Я: «Да, Вы садитесь, Мишель. (Беру Бестужева за руку и подвожу к креслу.) Или лучше – идите-ка обратно, в постель».
Михаил Бестужев: «Пощадите, Кондратий Федорович! Я неделю бревном провалялся. Пора к жизни возвращаться. А, глядя на Вас, жизненные соки быстрее ко мне вернутся. Вы ж любого энергией зарядите: вон Вы какой – весь искритесь вдохновением!».
Я смеюсь: «По-разному бывает. Случается, напишу что-то и тут же сжигаю».

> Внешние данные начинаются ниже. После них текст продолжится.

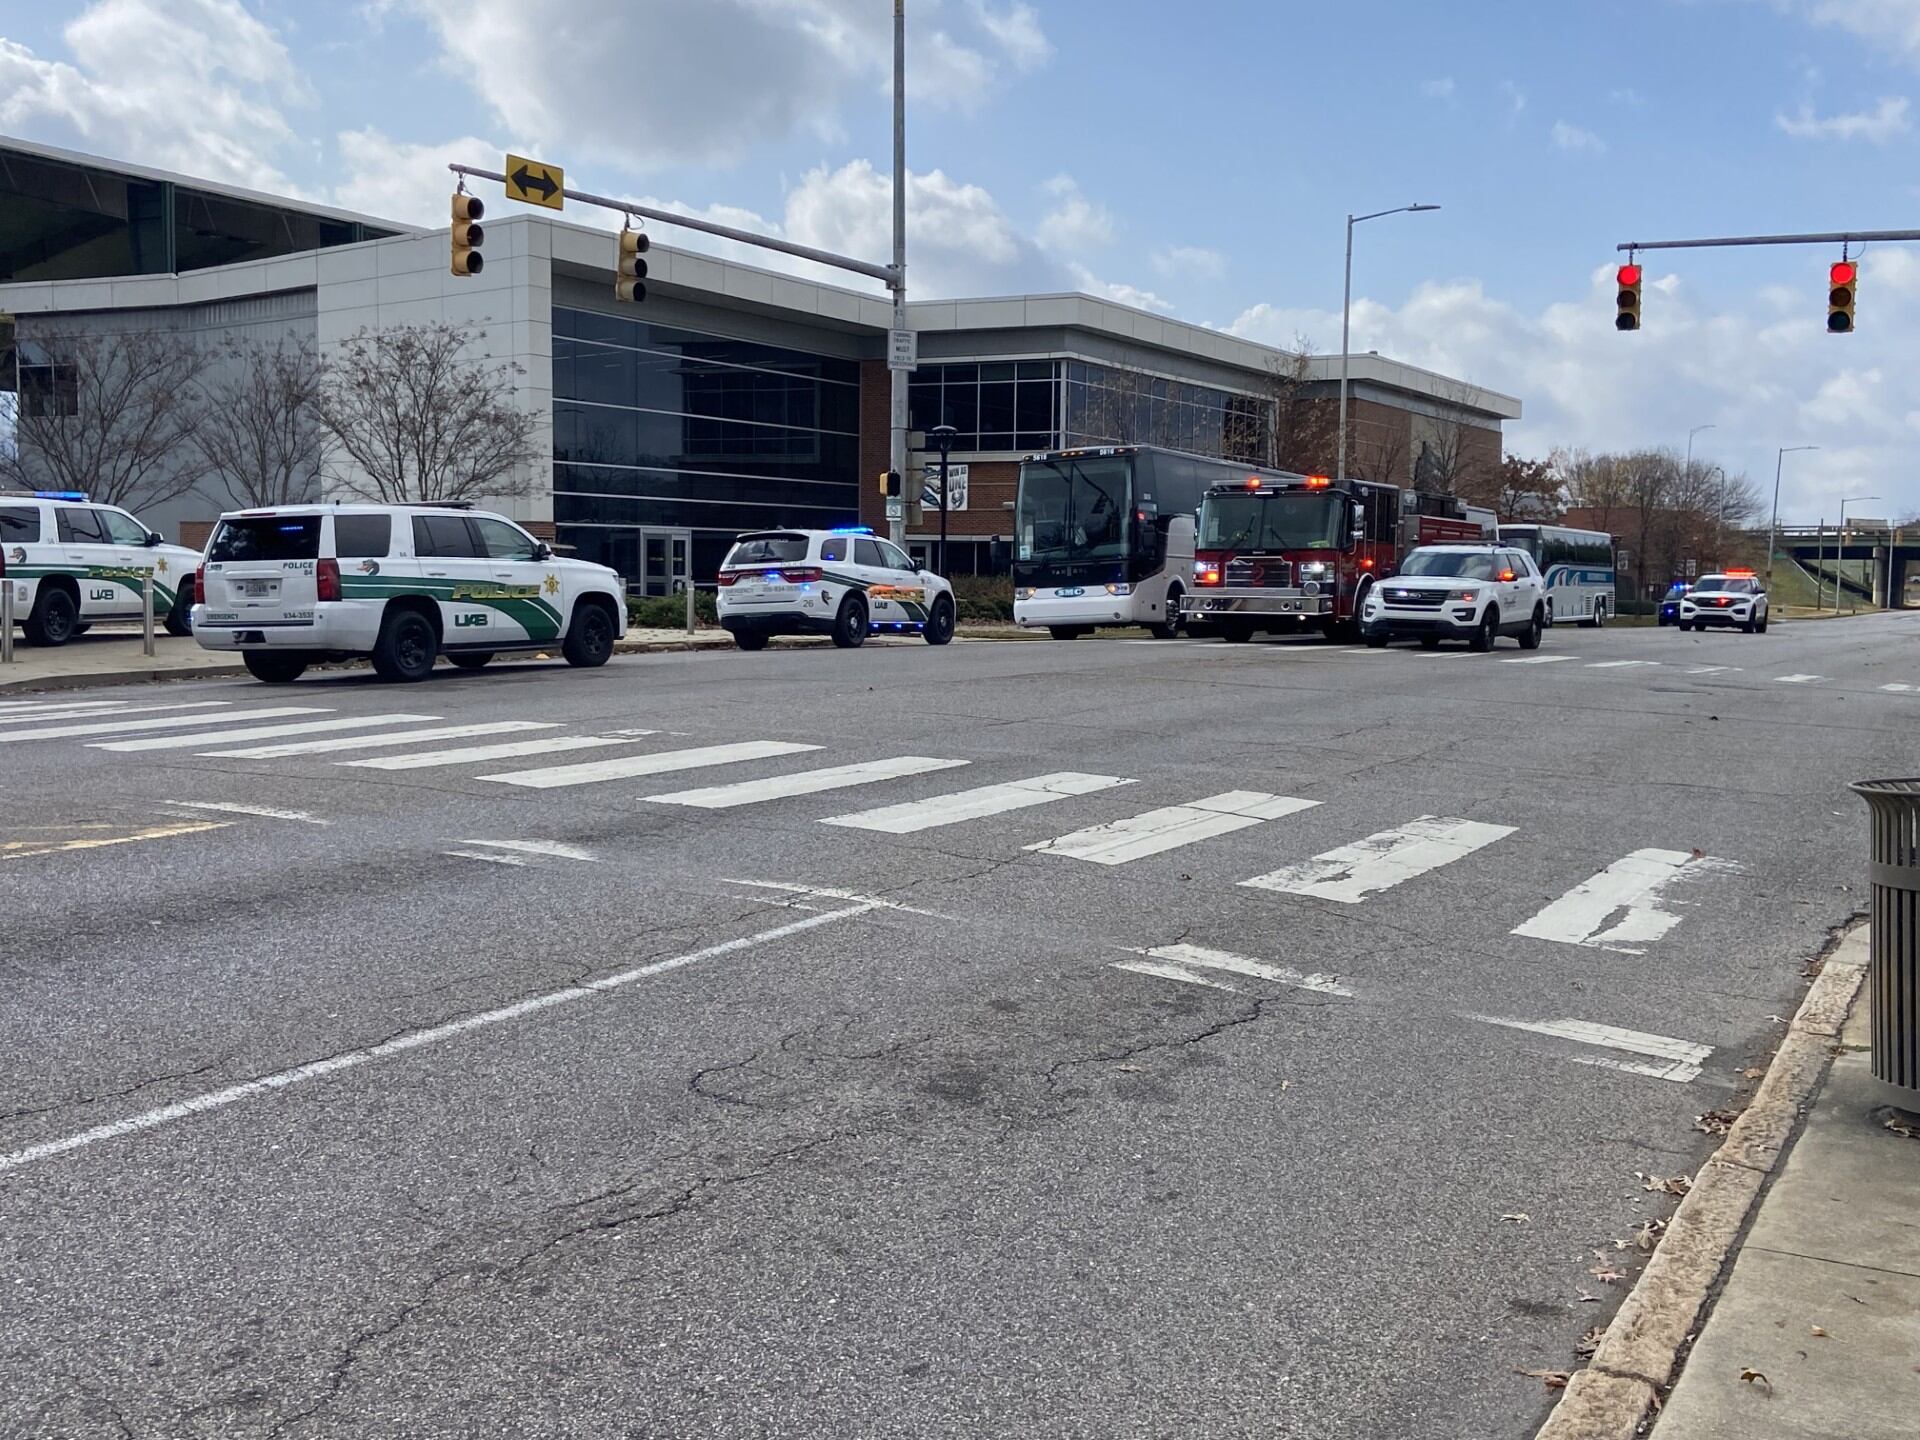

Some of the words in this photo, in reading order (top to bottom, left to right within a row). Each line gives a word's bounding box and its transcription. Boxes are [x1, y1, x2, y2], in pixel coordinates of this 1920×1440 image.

Михаил Бестужев: «Нельзя Вам нынче свои труды сжигать – они потомкам предназначены. Не вам теперь решать, какой букве Вашей умереть, а какой – стоять в полный рост. До чего же правильно то, что Вы оставили военную службу. А ведь чин офицера пленяет молодых людей до безумия, и когда-то Вы сами желали его превыше всего».

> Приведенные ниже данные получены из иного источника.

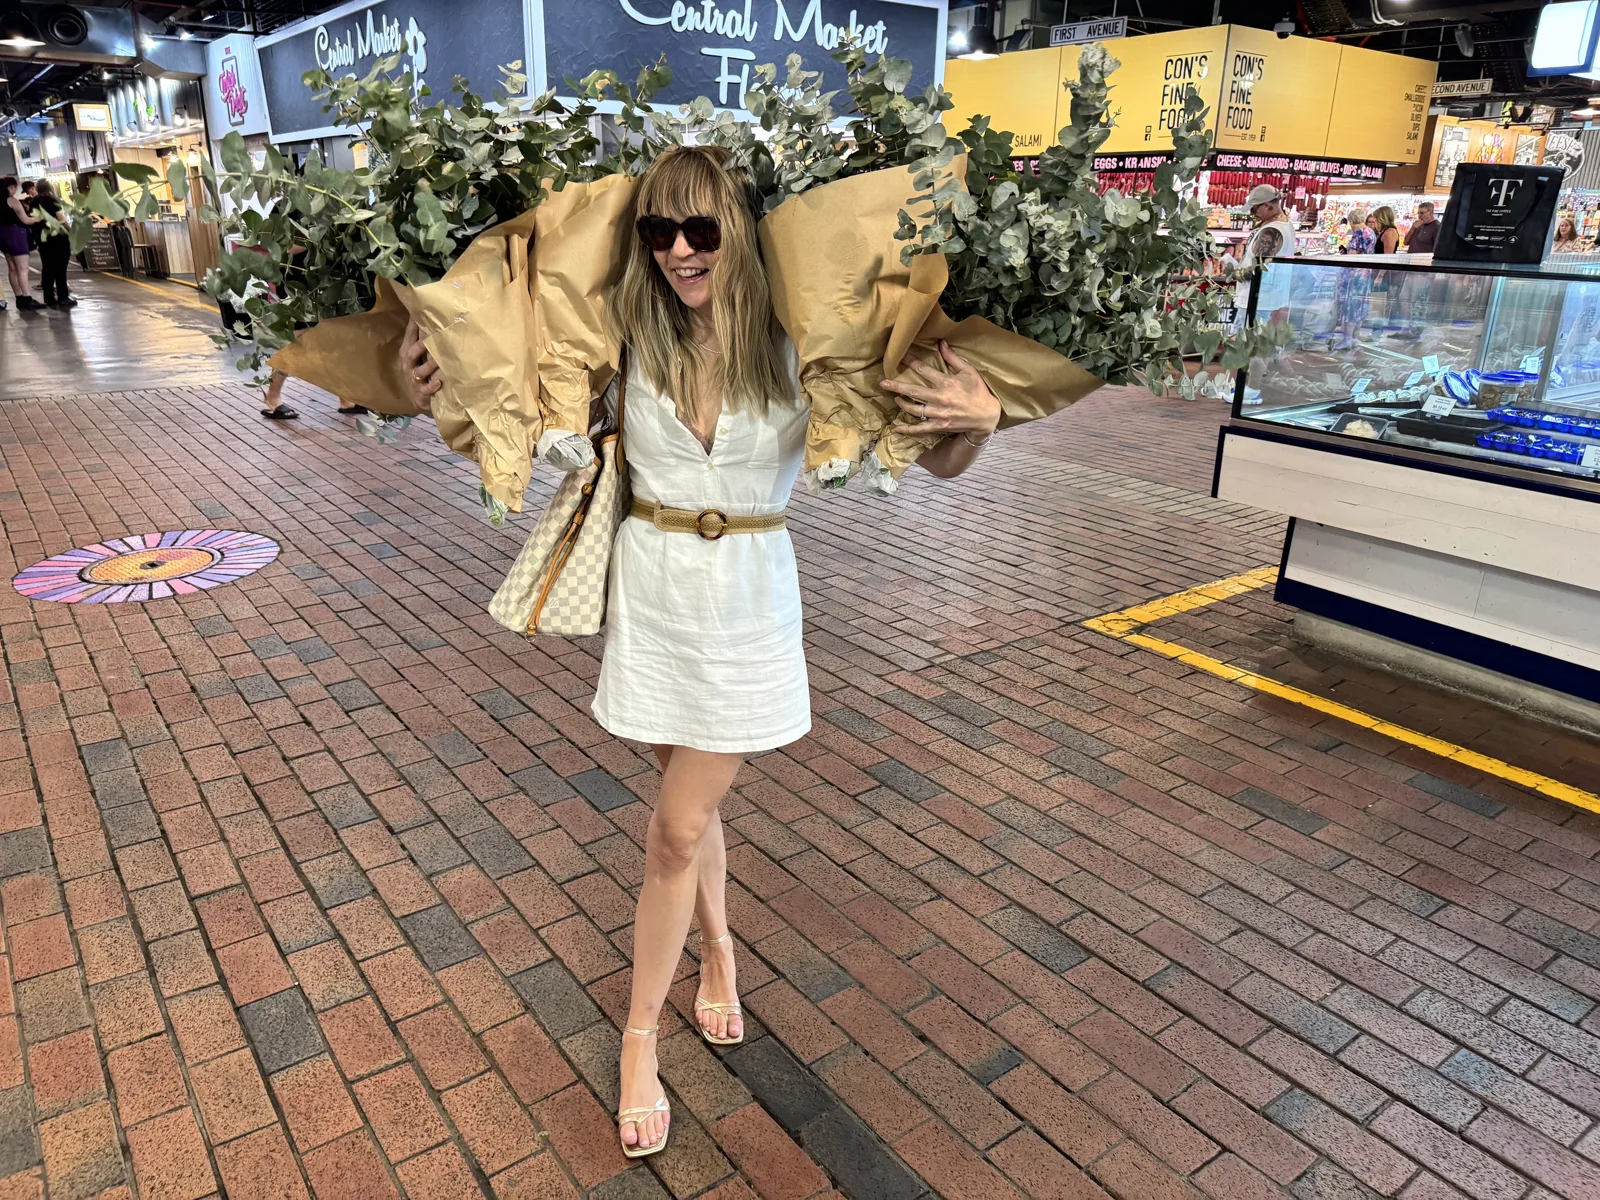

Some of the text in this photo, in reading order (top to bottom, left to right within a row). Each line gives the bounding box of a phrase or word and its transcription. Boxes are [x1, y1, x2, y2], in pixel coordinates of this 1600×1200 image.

[315, 9, 402, 72] Central Market
[1053, 21, 1120, 41] FIRST AVENUE
[1164, 55, 1208, 80] CON'S
[1233, 54, 1264, 80] CON'S
[1229, 80, 1252, 105] FINE
[1456, 82, 1486, 92] AVENUE
[1225, 106, 1253, 130] FOOD
[1015, 134, 1041, 147] SALAMI
[1094, 158, 1117, 169] EGGS
[1217, 154, 1242, 167] CHEESE
[1247, 156, 1289, 170] SMALLGOODS
[1294, 161, 1316, 172] BACON
[1320, 163, 1340, 174] OLIVES
[1343, 164, 1357, 176] DIPS
[1361, 166, 1383, 179] SALAMI

Я: «Чин офицера был мне лестен. Но ничем другим, как только тем, чтобы иметь счастье приобщиться к числу защитников своего Отечества. А в нынешнее время, как мне представляется, свет уже утомился от военных подвигов и славы героев, приобретаемой не за благородное дело помощи страждущему человечеству, но для его угнетения… Нынче наступил век гражданского мужества, я чувствую, что мое призвание выше, – я буду лить кровь свою, но за свободу Отечества, за счастье соотрочей, для исторжения из рук самовластия железного скипетра, для приобретения прав угнетенному народу русскому. Справедливость должна быть основанием и действий, и самих желаний наших».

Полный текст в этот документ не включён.